- Recorded information

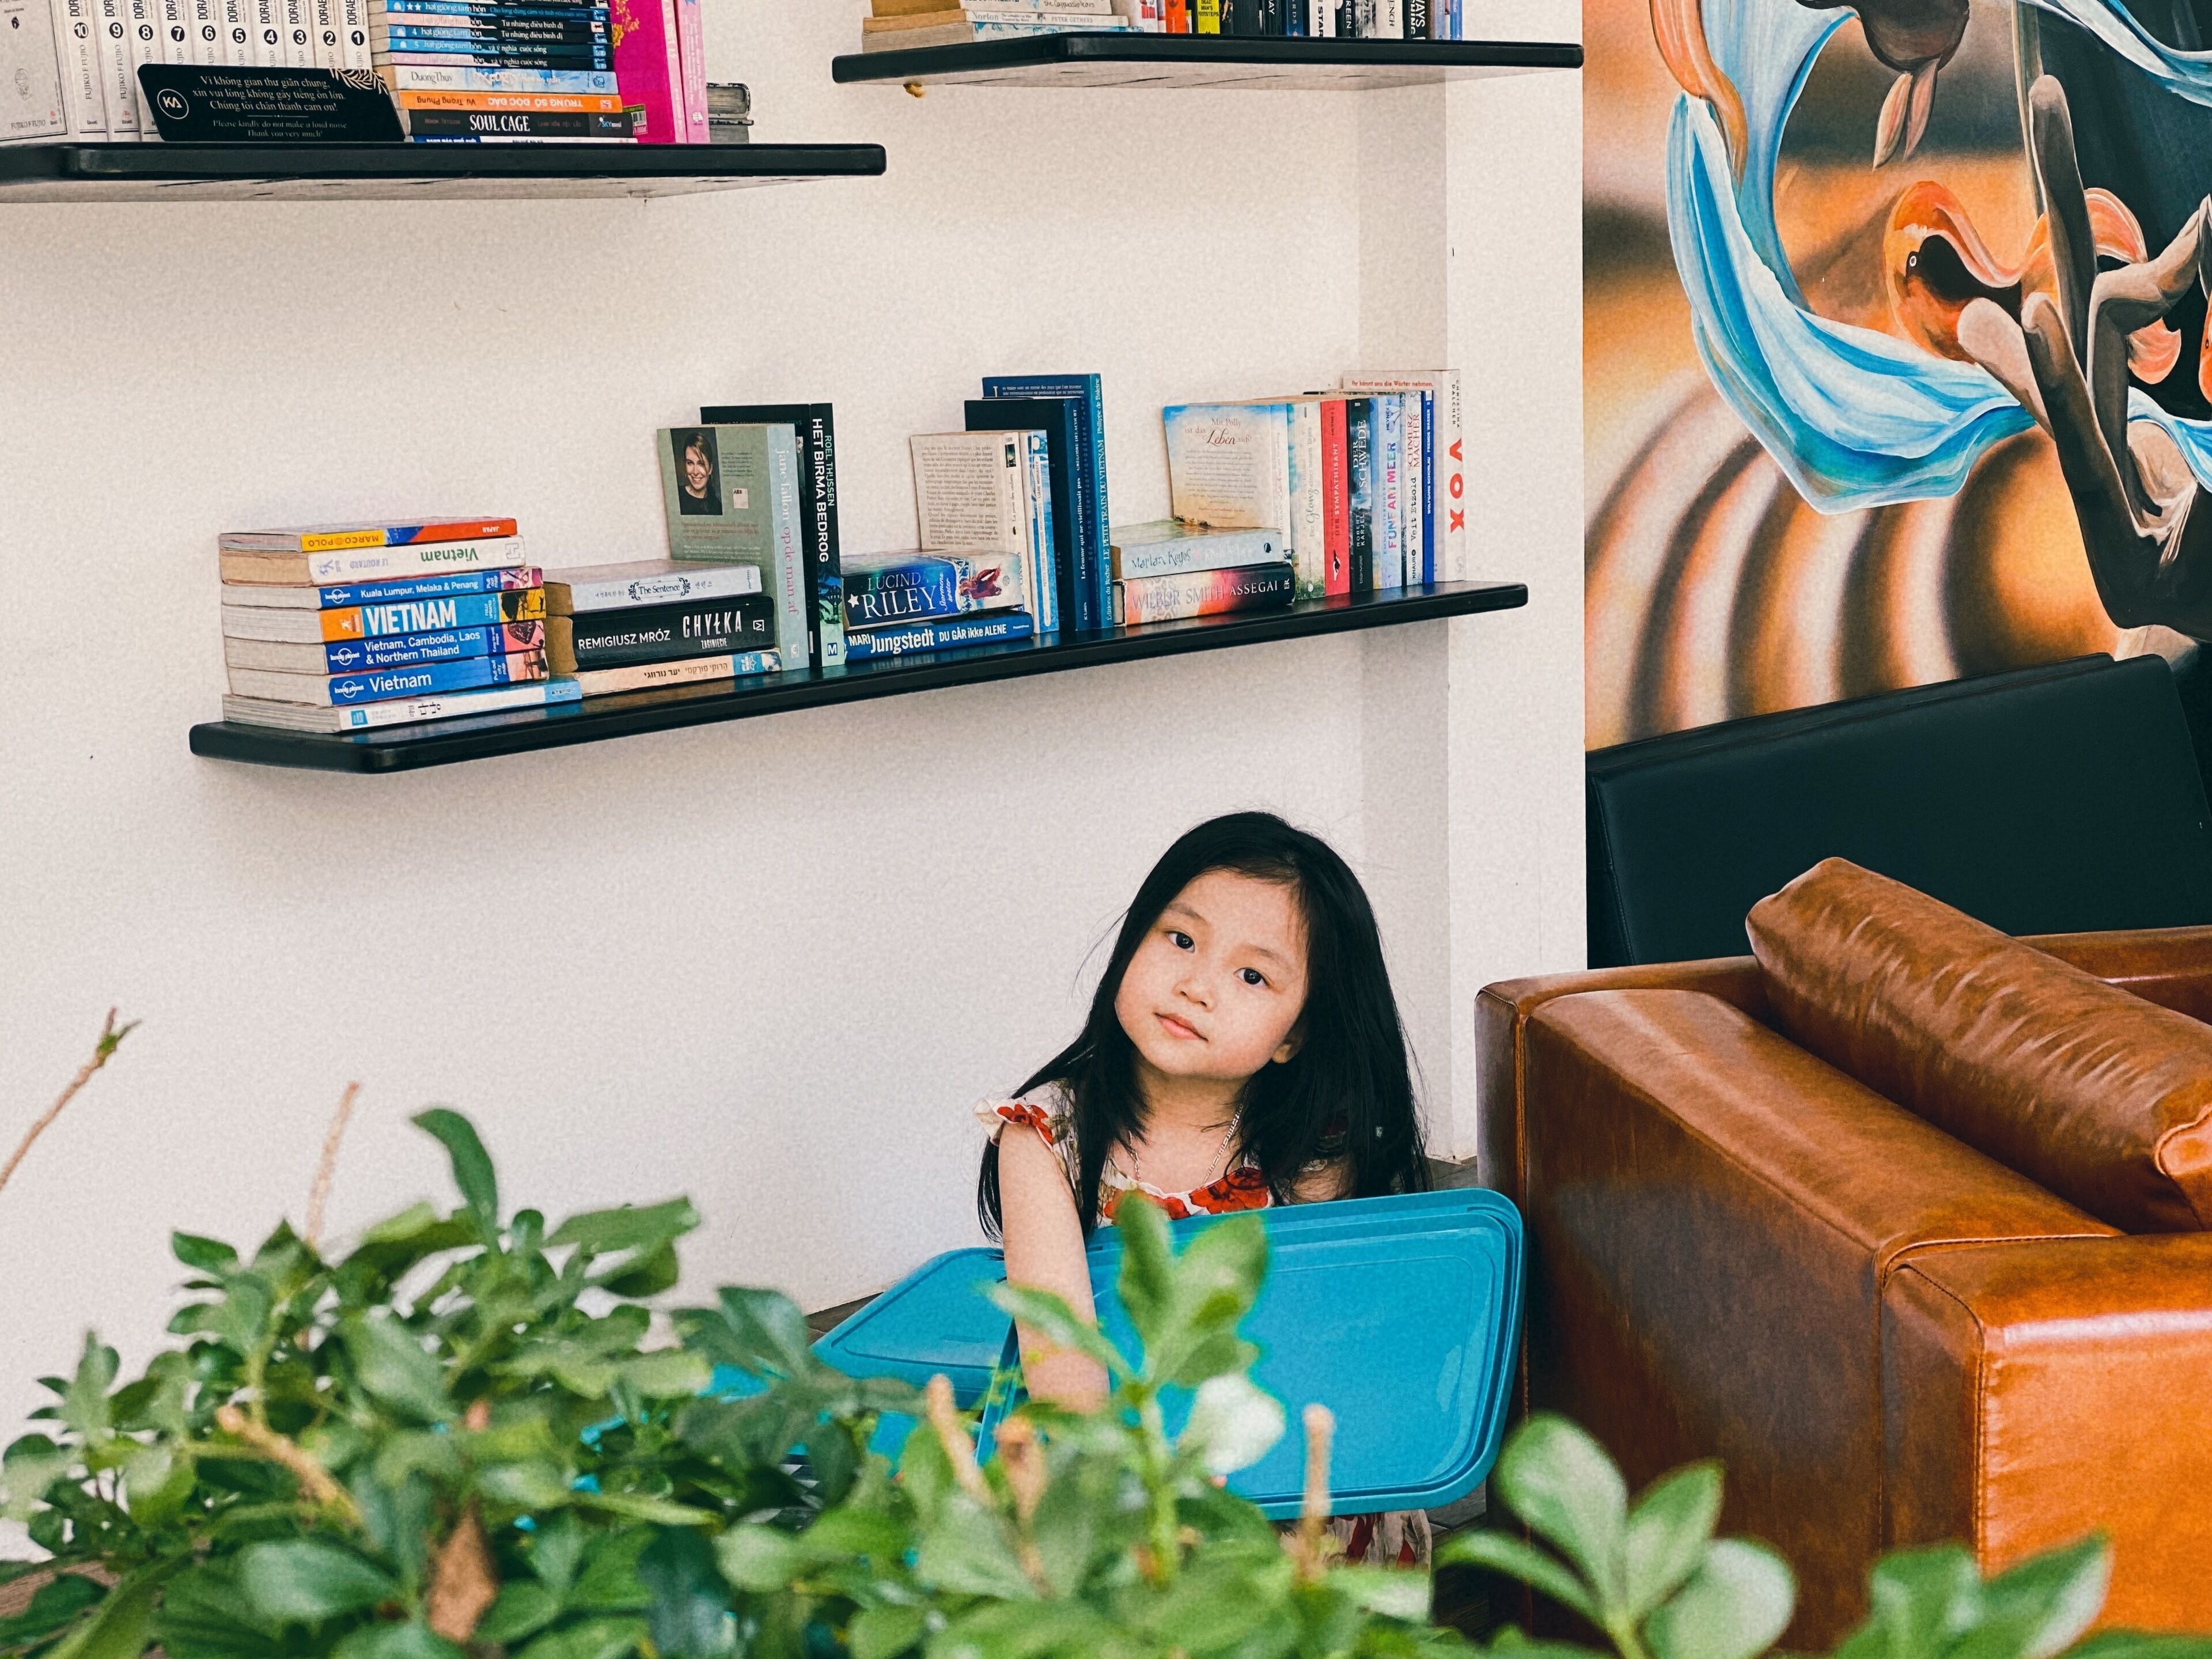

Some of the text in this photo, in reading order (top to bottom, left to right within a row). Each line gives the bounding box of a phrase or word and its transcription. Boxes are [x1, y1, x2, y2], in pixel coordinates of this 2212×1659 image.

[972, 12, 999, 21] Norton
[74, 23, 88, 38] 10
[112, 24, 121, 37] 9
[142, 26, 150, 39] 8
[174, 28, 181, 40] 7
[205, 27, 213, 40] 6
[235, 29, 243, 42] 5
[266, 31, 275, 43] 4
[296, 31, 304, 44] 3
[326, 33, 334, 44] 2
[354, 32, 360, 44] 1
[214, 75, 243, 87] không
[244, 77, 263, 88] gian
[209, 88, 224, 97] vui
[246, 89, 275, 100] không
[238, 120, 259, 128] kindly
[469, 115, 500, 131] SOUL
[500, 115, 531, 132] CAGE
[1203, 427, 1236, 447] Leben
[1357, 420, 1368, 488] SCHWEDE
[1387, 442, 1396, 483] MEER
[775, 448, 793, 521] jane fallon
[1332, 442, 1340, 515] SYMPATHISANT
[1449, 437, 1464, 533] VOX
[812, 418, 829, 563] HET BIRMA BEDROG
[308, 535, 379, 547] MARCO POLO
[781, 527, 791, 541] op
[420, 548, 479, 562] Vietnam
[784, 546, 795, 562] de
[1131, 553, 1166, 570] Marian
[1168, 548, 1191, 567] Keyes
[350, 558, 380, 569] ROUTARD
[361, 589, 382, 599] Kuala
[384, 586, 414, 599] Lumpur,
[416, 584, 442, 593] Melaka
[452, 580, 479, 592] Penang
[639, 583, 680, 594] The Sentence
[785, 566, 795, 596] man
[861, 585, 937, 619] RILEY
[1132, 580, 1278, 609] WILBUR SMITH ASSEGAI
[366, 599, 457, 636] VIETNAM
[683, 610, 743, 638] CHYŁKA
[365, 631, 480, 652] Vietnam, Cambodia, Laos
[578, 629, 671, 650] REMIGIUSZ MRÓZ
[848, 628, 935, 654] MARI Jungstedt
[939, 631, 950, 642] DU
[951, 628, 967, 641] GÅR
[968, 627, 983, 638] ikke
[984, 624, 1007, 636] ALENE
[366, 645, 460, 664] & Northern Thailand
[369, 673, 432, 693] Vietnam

- What you are asked to do
Nothing but a number should be given: the number of lines in the records that contain the word "không".

- Problem solution
2